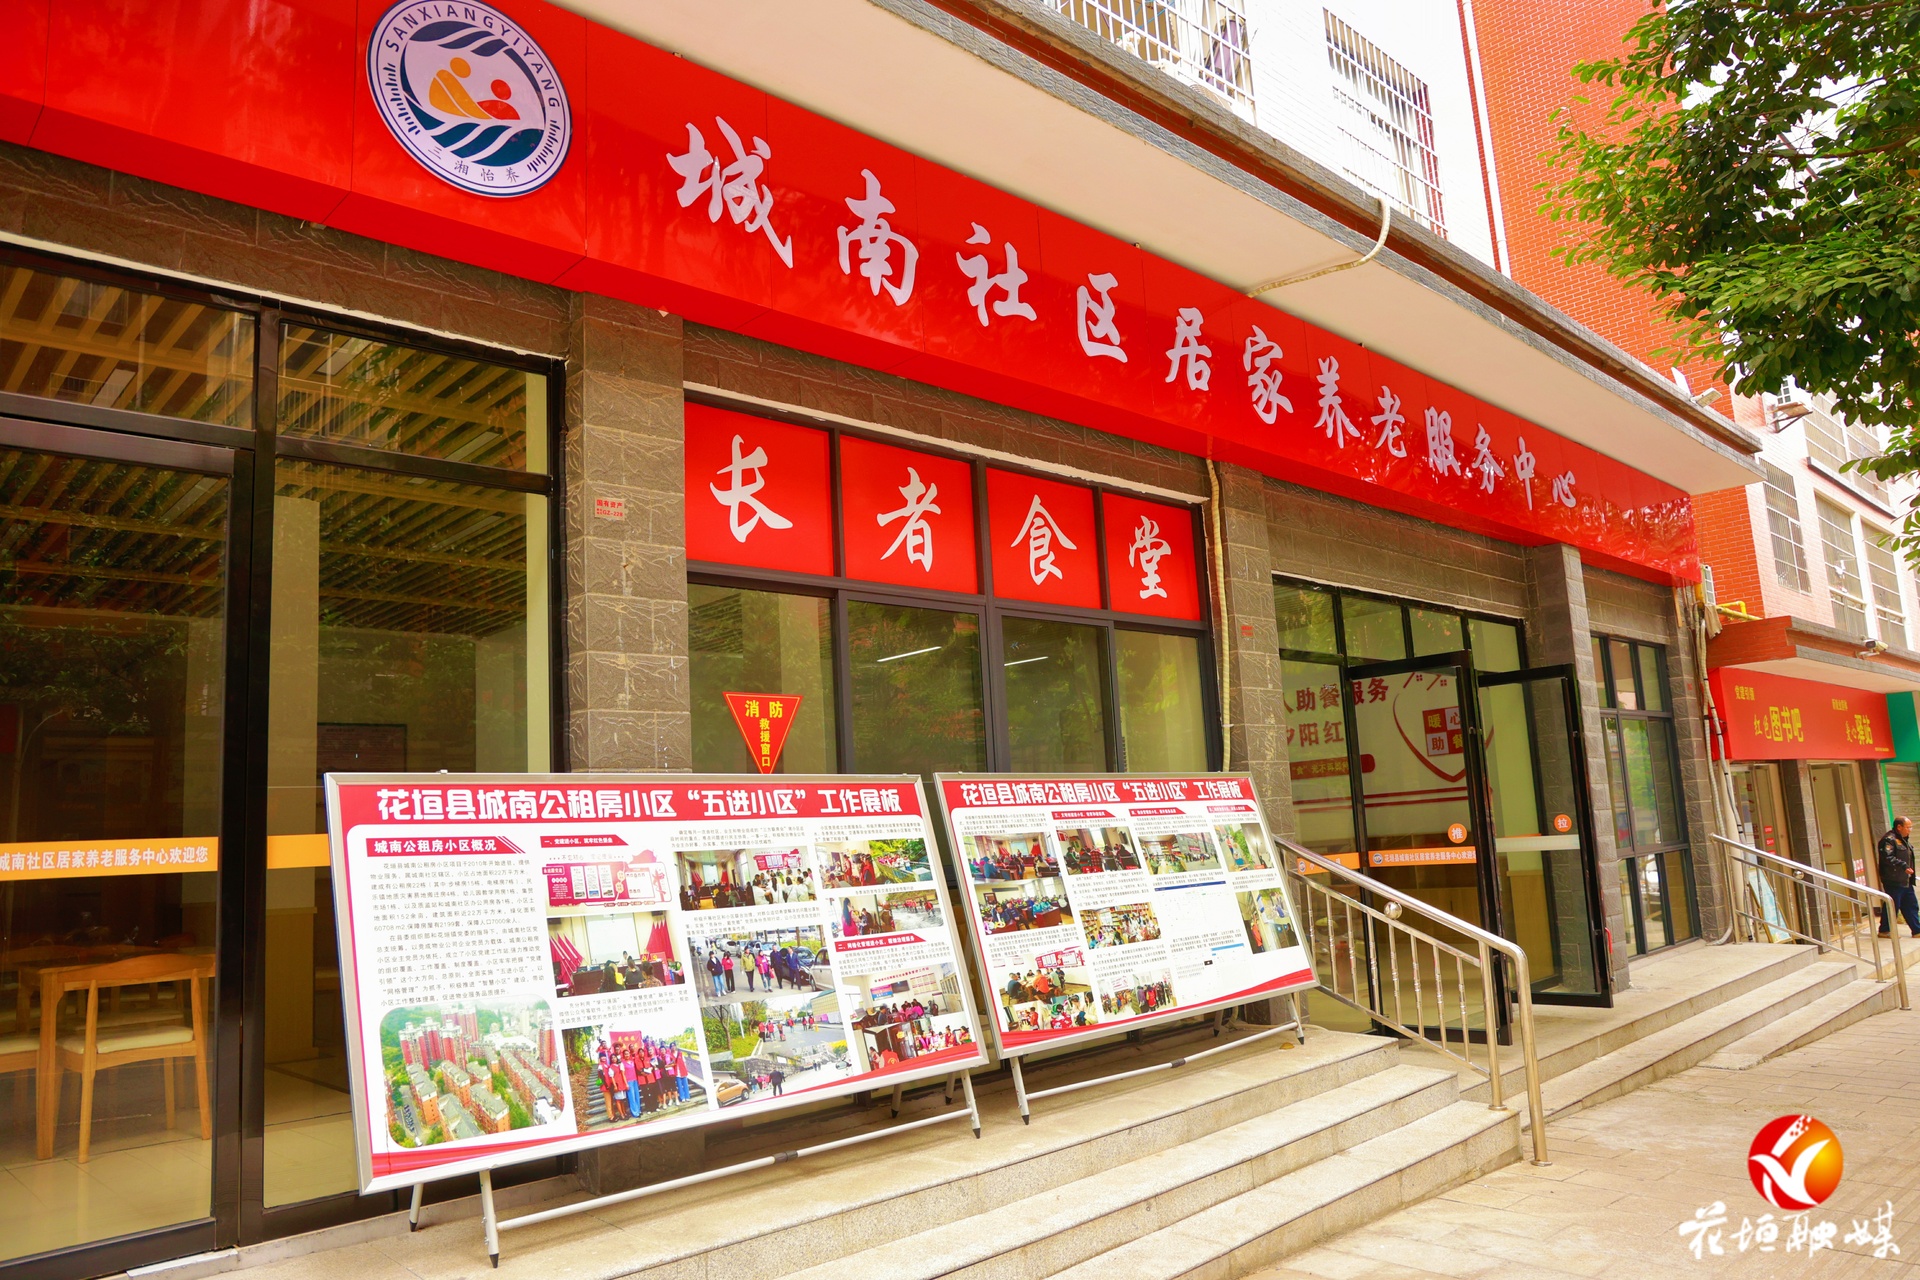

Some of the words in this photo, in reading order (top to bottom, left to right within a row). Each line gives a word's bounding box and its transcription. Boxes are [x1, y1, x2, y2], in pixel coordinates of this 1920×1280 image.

[386, 4, 560, 108] SANXIANGYIYANG
[427, 145, 520, 183] 三湘怡养
[666, 115, 1577, 510] 城南社区居家养老服务中心
[709, 433, 1172, 600] 长者食堂
[744, 699, 784, 718] 消防
[1753, 705, 1804, 743] 红色图书吧
[759, 718, 771, 767] 救援窗口
[377, 787, 902, 821] 花垣县城南公租房小区“五进小区”工作展板
[960, 780, 1244, 806] 花垣县城南公租房小区“五进小区”工作展板
[1451, 827, 1464, 840] 推
[1556, 817, 1569, 829] 拉
[373, 838, 497, 854] 城南公租房小区概况

________________________________________

What you will do: Pictures must be left out when the records are transcribed exactly.

Worked solution:
Some of the words in this photo, in reading order (top to bottom, left to right within a row). Each line gives a word's bounding box and its transcription. Boxes are [x1, y1, x2, y2], in pixel coordinates of this 1920×1280 image.

[386, 4, 560, 108] SANXIANGYIYANG
[427, 145, 520, 183] 三湘怡养
[666, 115, 1577, 510] 城南社区居家养老服务中心
[709, 433, 1172, 600] 长者食堂
[744, 699, 784, 718] 消防
[1753, 705, 1804, 743] 红色图书吧
[759, 718, 771, 767] 救援窗口
[377, 787, 902, 821] 花垣县城南公租房小区“五进小区”工作展板
[960, 780, 1244, 806] 花垣县城南公租房小区“五进小区”工作展板
[1451, 827, 1464, 840] 推
[1556, 817, 1569, 829] 拉
[373, 838, 497, 854] 城南公租房小区概况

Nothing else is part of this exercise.